Filming took eleven weeks, of which four took place in France and seven in America. Ivory wanted to use a French director to film the section set in America: "The family feels displaced in their new, less glamorous suburban surroundings, and Ivory wanted the audience to see this world through the eyes of someone who was "fresh and not jaded by having lived there and seen it a million times."" Cinematographer Fabre has spoken about the simple, almost all one-camera, approach he took to the film, and the decision to film faster and less deliberately than some other Merchant Ivory films. There were difficulties with the location in Paris, "solved to some degree -- especially during nighttime party scenes often filmed during the day -- by simply avoiding the windows, a strategy which lends a close intimate feel that happens to be entirely appropriate to the story".

==Reception==
The film garnered a favorable critical reaction, holding a fresh rating of 80% on Rotten Tomatoes based on 25 reviews. Metacritic gave the film an average score of 66/100, indicating "generally favorable" reviews.

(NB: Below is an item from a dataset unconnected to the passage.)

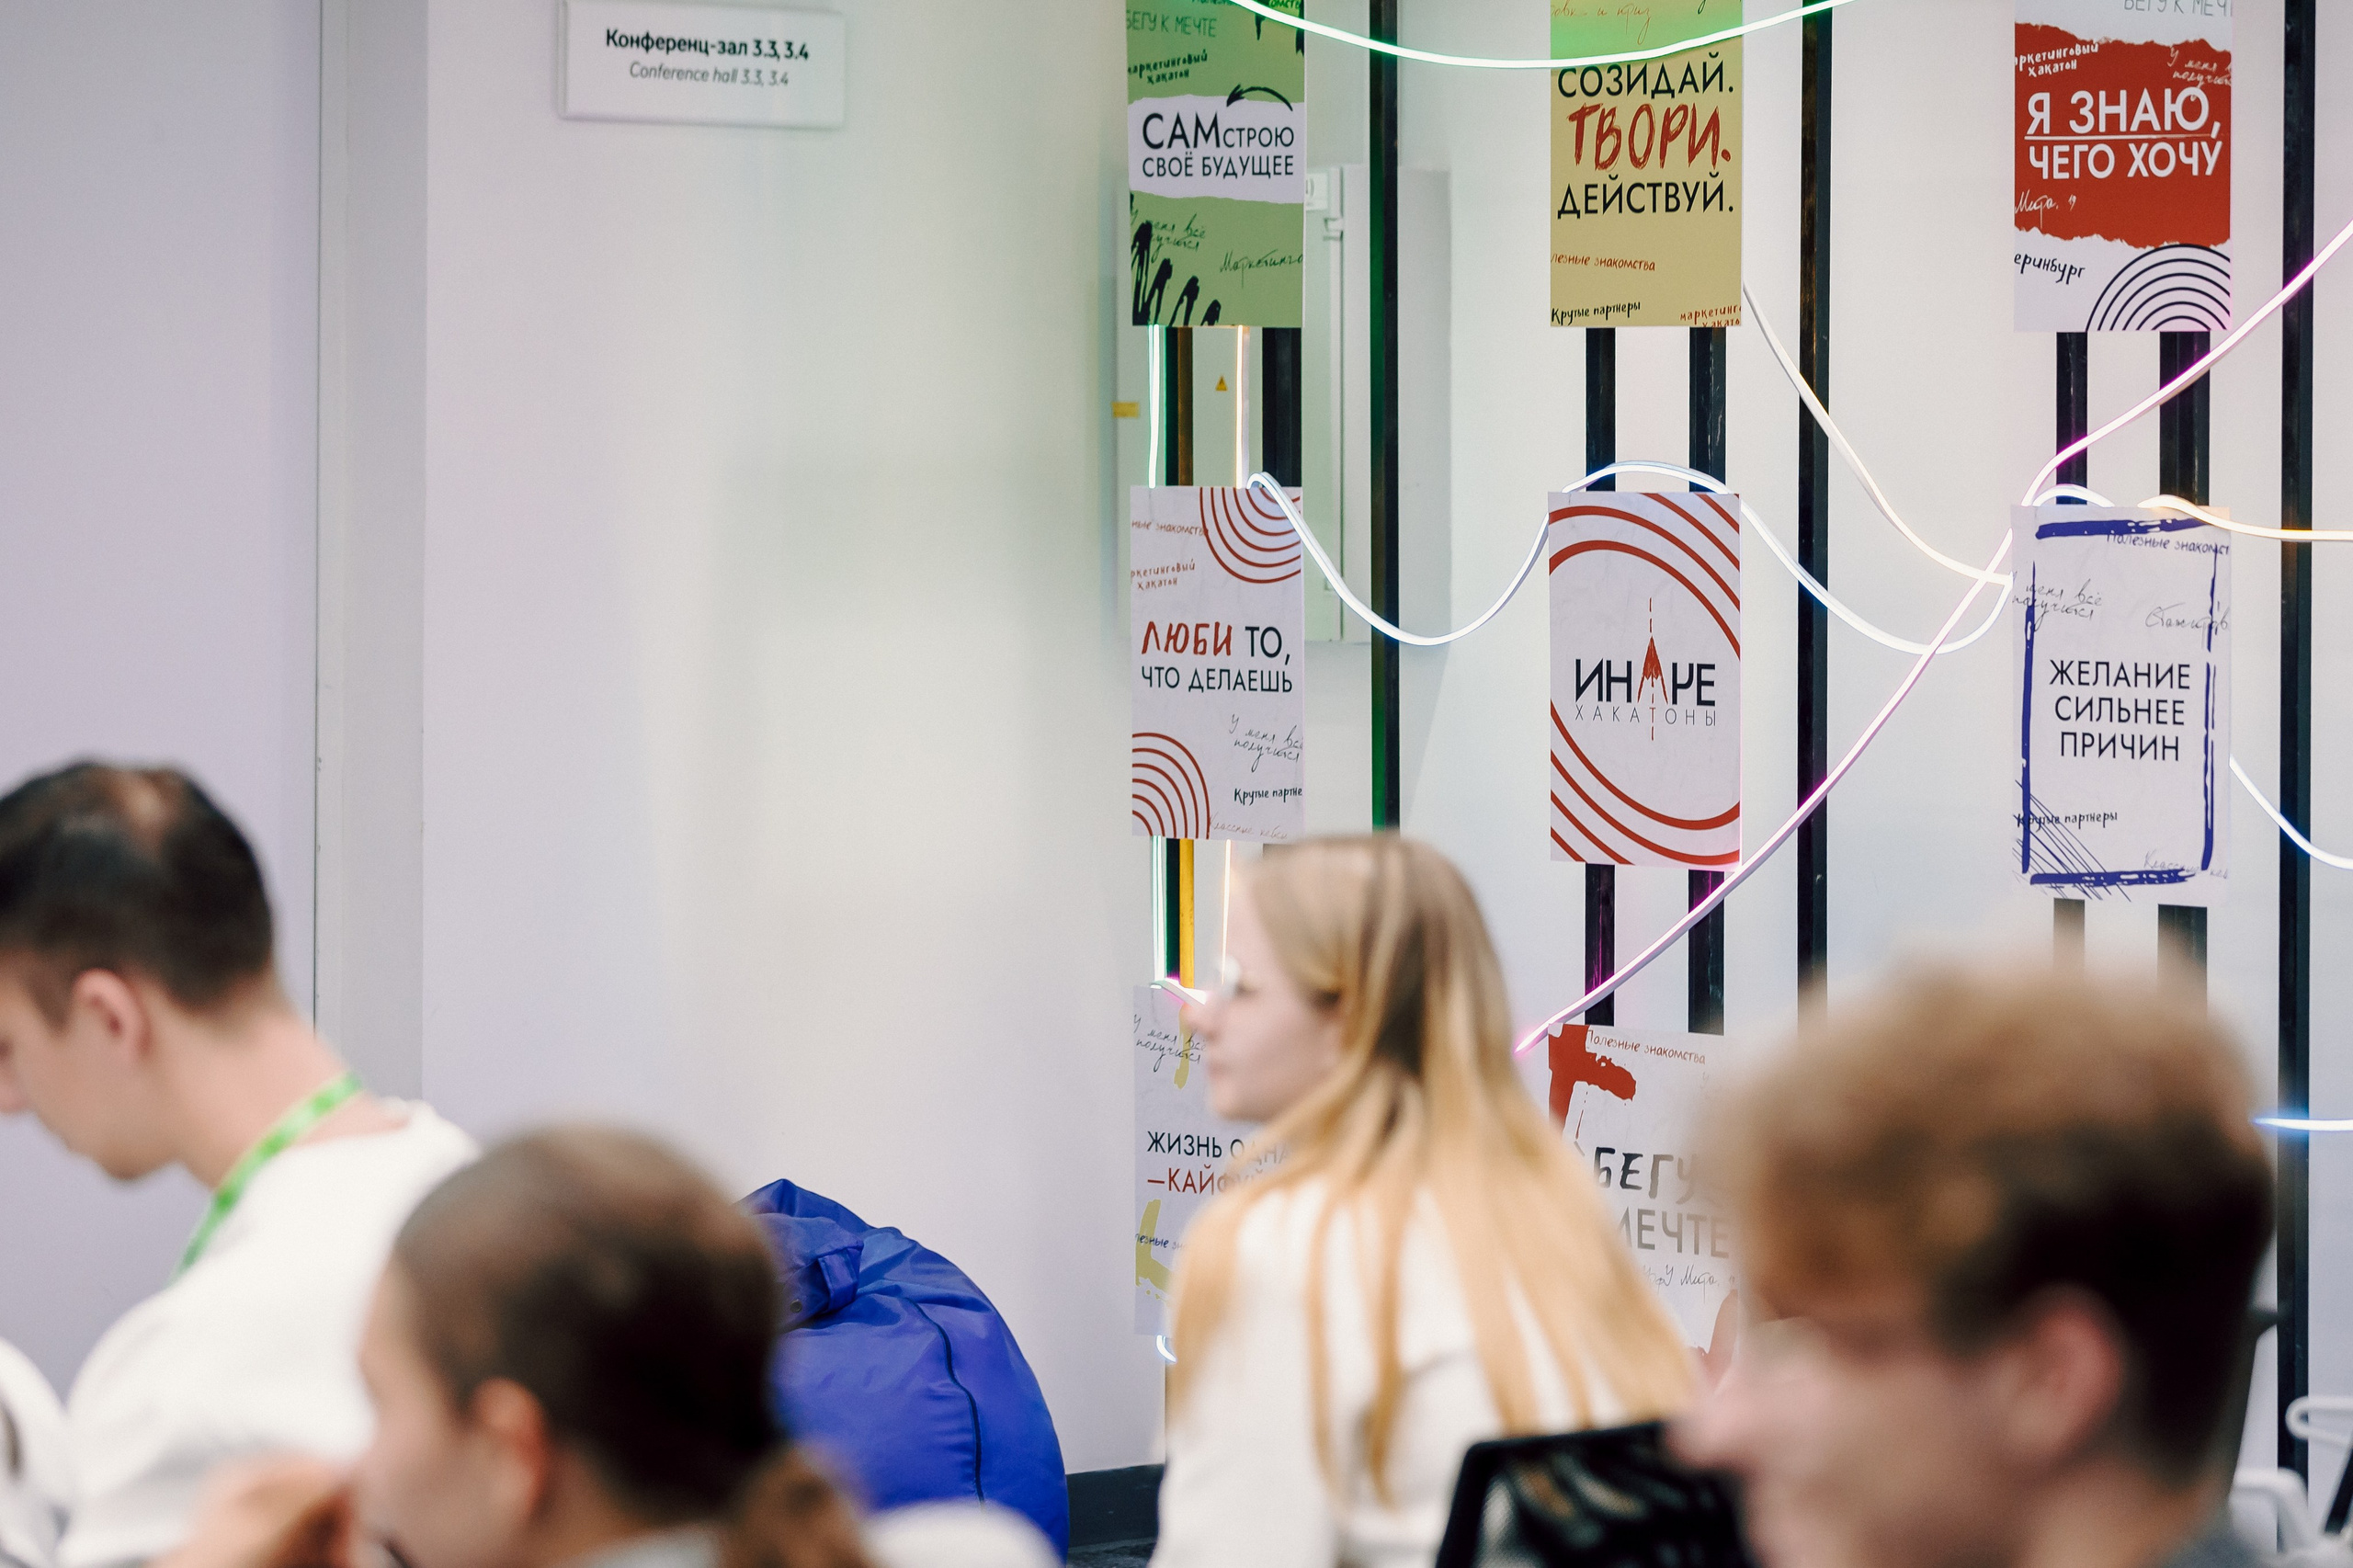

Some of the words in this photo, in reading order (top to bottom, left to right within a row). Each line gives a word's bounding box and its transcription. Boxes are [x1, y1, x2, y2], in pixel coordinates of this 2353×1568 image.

Roger Ebert of the Chicago Sun-Times rated the film three and half stars out of a possible four, commenting: "The film's appeal is in the details. It re-creates a childhood of wonderfully strange friends, eccentric visitors, a Paris that was more home for the children than for the parents and a homecoming that was fraught for them all".

Online film critic James Berardinelli gave the film a favorable review: "Not only was I touched by the characters and engrossed by their story during the 120 minutes they were on screen, but I could have easily spent another hour or two with them".

In the words of Jonathan Rosenbaum, writing for the Chicago Reader: "The three parts add up to a rather lumpy narrative, and the characters are perceived through a kind of affectionate recollection that tends to idealize them, but they're so beautifully realized that they linger like cherished friends".